In recent years, researchers have proposed many Convolutional Neural Network (CNN)-based and Generative Adversarial Network (GAN)-based methods for LDCT image denoising because of their powerful feature learning and mapping capabilities [10–15]. However, compared to CNN models, the training process of GAN-based deep learning models is unstable and has the problems of poor generalization and inadequate feature extraction [16]. To be specific, Chen et al. [17] utilized a deep CNN to map LDCT images towards its corresponding normal-dose counterparts in a patch-by-patch fashion, which has great potential in reducing artifacts and protecting structures. Subsequently, Chen et al. proposed the residual encoder-decoder convolutional neural network (RED-CNN) [18] to improve LDCT images. Maryam et al. [19] proposed a deep neural network for LDCT denoising that used dilated convolution instead of standard convolution to help capture more context information in fewer layers. Although these methods can effectively remove noise, they will lead to blurred edges. Kang et al. [20] performed wavelet transform on noisy images in the wavelet domain and proposed the cascaded convolutional framework [21], which significantly improved the network performance and preserved detailed textures. To solve a series of problems with an increase in the number of network layers, Kang et al. proposed a wavelet domain residual network (WavResNet) [22] structure to recover LDCT images. Chen et al. [23] combine wavelet transform and residual network to process noise images, which can achieve better denoising effect. Jifara et al. [24] utilized an efficient deep CNN model by combining residual learning and batch normalization for denoising images. To retain more details, Liang et al. [25] proposed an edge enhancement-based densely connected convolutional neural network (EDCNN) that designates an edge enhancement module using a Sobel convolution and constructs a dense connections model to fuse the extracted edge information for LDCT image denoising.
In recent decades, noise reduction methods based on image cartoon-texture decomposition have been widely studied. For LDCT images, normal tissue structures often exist in cartoon parts, while information including image edges, noise, artifacts, etc. is distributed in texture parts. Therefore, Fu et al. [26] proposed a medical image denoising algorithm based on total variation cartoon-texture decomposition. Wang et al. [27] proposed a medical image filtering algorithm based on local total variation (LTV) cartoon-texture decomposition. These image decomposition-based noise reduction methods can maintain the structural integrity of the cartoon part and the fine structure of the texture part while reducing noise. Since noise and artifacts in low-dose CT are related with projections, image decomposition based denoising methods are difficult to remove noise and artifacts by only processing decomposed texture image.
To solve the above problems, we also remove noise and artifacts from the decomposed cartoon images. Based on the study of image decomposition and wavelet residual CNN [23], we propose a denoising model combining LTV and improved wavelet residual convolutional neural network (LTV-WRCNN). Specifically, LTV model first is used to decompose the LDCT image into cartoon and texture image. Secondly, NLM is used to process the texture image. Then, the pre-processed LDCT image is obtained by adding the cartoon image and the filtered texture image. Finally, the pre-processed image and NDCT image are input into improved wavelet residual convolutional neural network (WRCNN) to obtain the improved predictive image.
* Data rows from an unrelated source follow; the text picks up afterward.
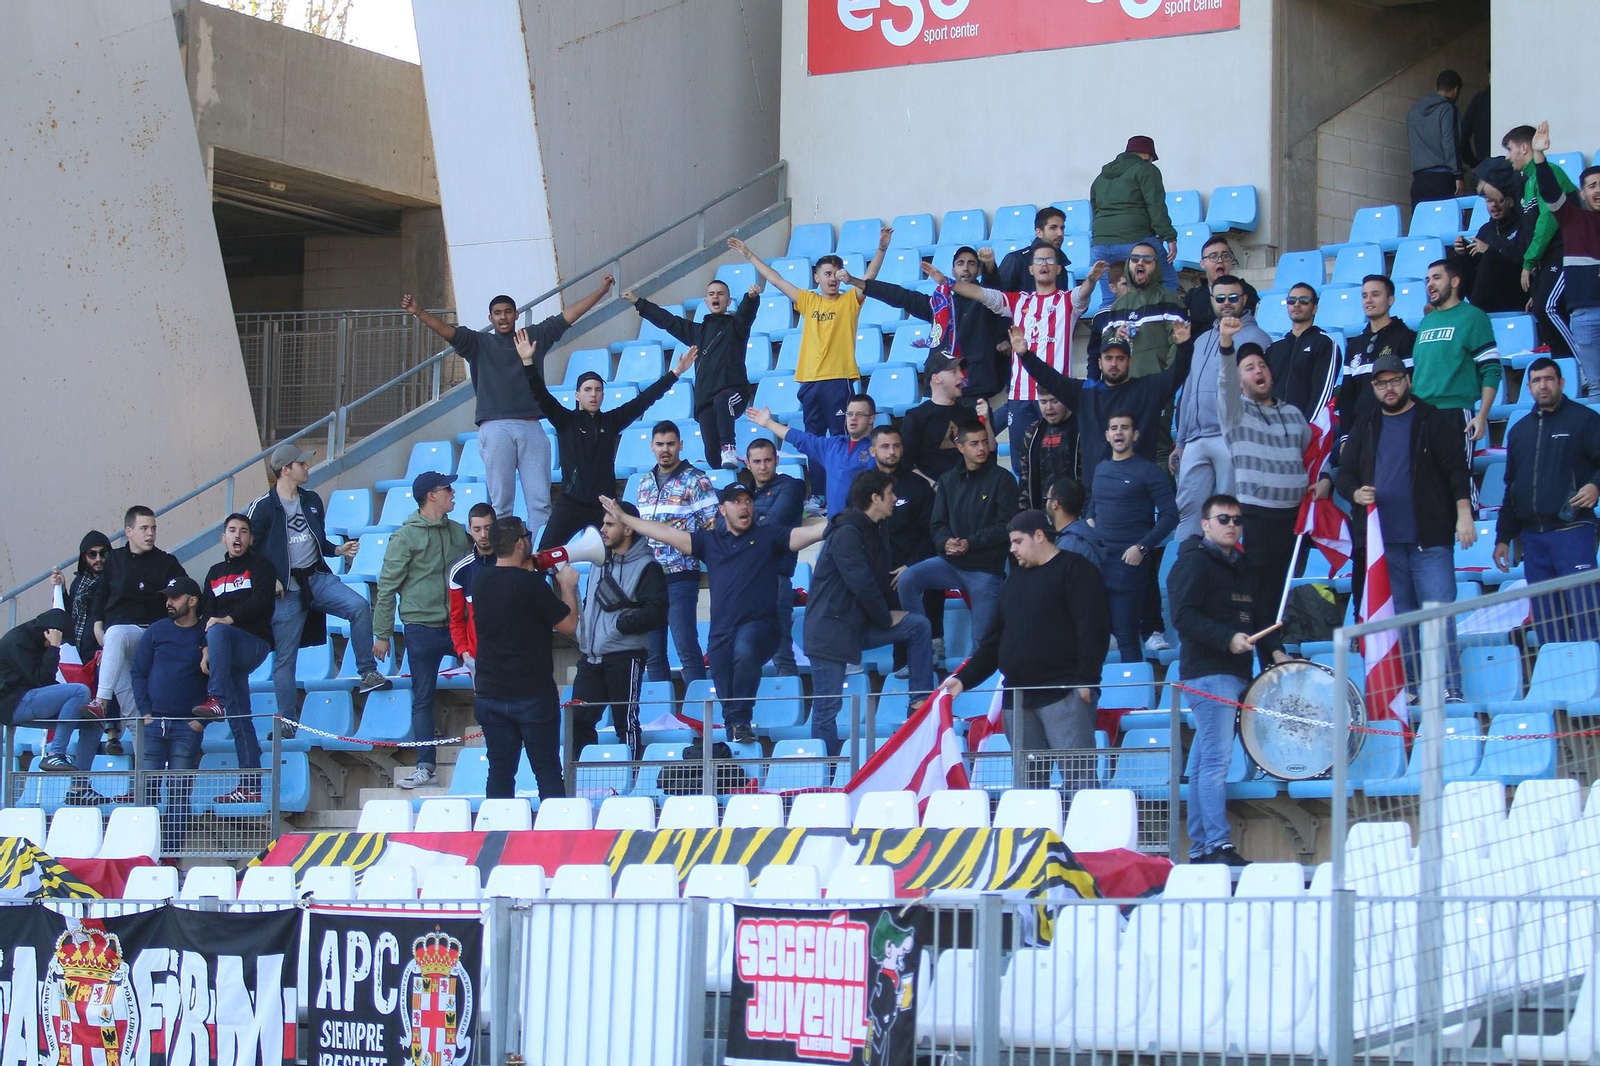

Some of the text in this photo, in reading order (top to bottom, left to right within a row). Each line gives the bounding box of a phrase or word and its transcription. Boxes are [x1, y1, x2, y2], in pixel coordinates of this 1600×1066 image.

[1164, 0, 1191, 17] sport
[923, 22, 980, 45] sport center
[316, 930, 400, 1015] APC
[44, 1006, 52, 1032] NOBLE
[123, 985, 135, 1056] POR LA LIBERTAD
[319, 1020, 385, 1052] SIEMPRE
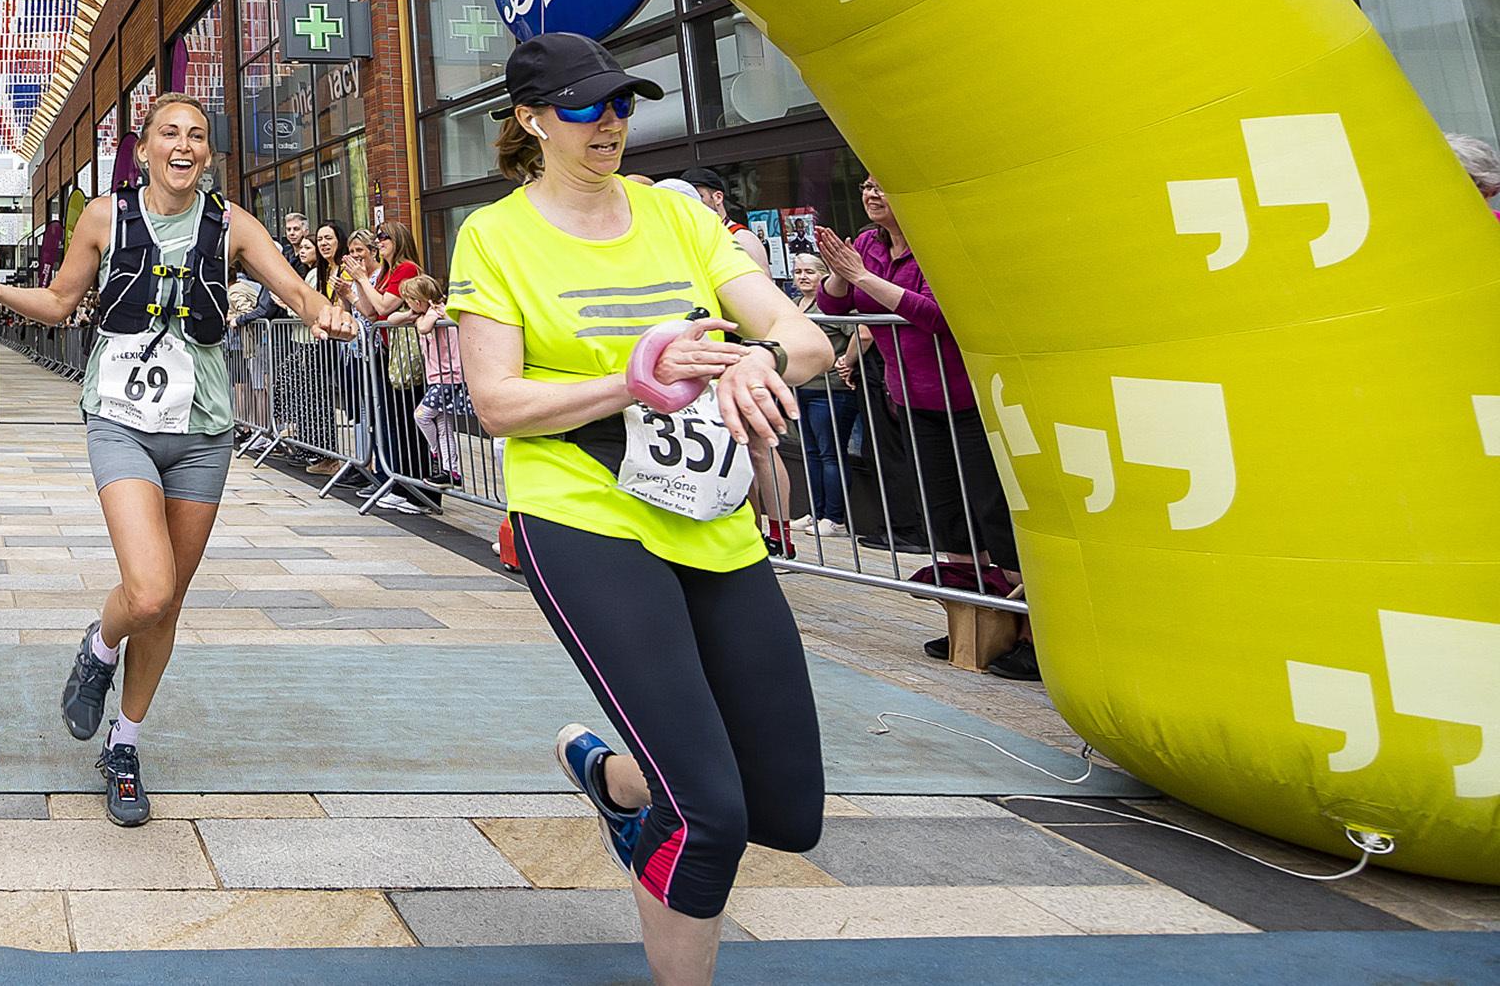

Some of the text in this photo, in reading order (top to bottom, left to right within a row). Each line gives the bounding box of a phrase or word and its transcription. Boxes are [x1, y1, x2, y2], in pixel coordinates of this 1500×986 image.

[124, 365, 169, 404] 69
[642, 411, 739, 479] 357
[636, 472, 698, 494] everyone
[662, 487, 697, 503] ACTIVE
The main contributions of this study are as follows: The LTV model is used to image decomposition and NLM is used to process the texture image. An LTV-WRCNN framework is proposed, which combines the LTV model image decomposition, CNN learning ability, and wavelet transform feature extraction ability. The directional regularization loss function is defined, which can effectively describe the smoothing of streak noise in LDCT images and further preserve the texture information.
Related works
Image decomposition
The main concept of image decomposition refers to the decomposition of images into cartoon and texture components through mathematical tools such as spatial characterization and sparse representation [28]. It is described as follows: the known image f (x, y) seeks two components u (x, y) and v (x, y), satisfying f (x, y) = u (x, y) + v (x, y), where u (x, y)represents the cartoon component, and v (x, y) represents the texture component. Usually, the general form of the image decomposition model can be described as:
Among them, the LTV image decomposition method has received more and more attention. The method is to use a pair of nonlinear low-pass and high-pass filters to quickly solve the approximate solution of the original variational problem. That is, the LTV around each image pixel is calculated as the local indicator function of the pixel and compared with the LTV after the low-pass filter. It can be determined that the pixel belongs to the cartoon or the texture component [33]. According to the theory of variation and scale space, the cartoon portion has a smaller TV, whereas the texture part has a smaller norm owing to the higher oscillation frequency. In the cartoon region, the LTV of a pixel point changes slightly after convolution with the low-pass filter and is classified as a cartoon point. In the texture region, the LTV of a pixel point decays rapidly after the low-pass filter owing to its oscillation property and is classified as a texture point. The texture component v can be obtained by subtracting the cartoon component u from the original image f. In this study, the LTV model was used for image decomposition.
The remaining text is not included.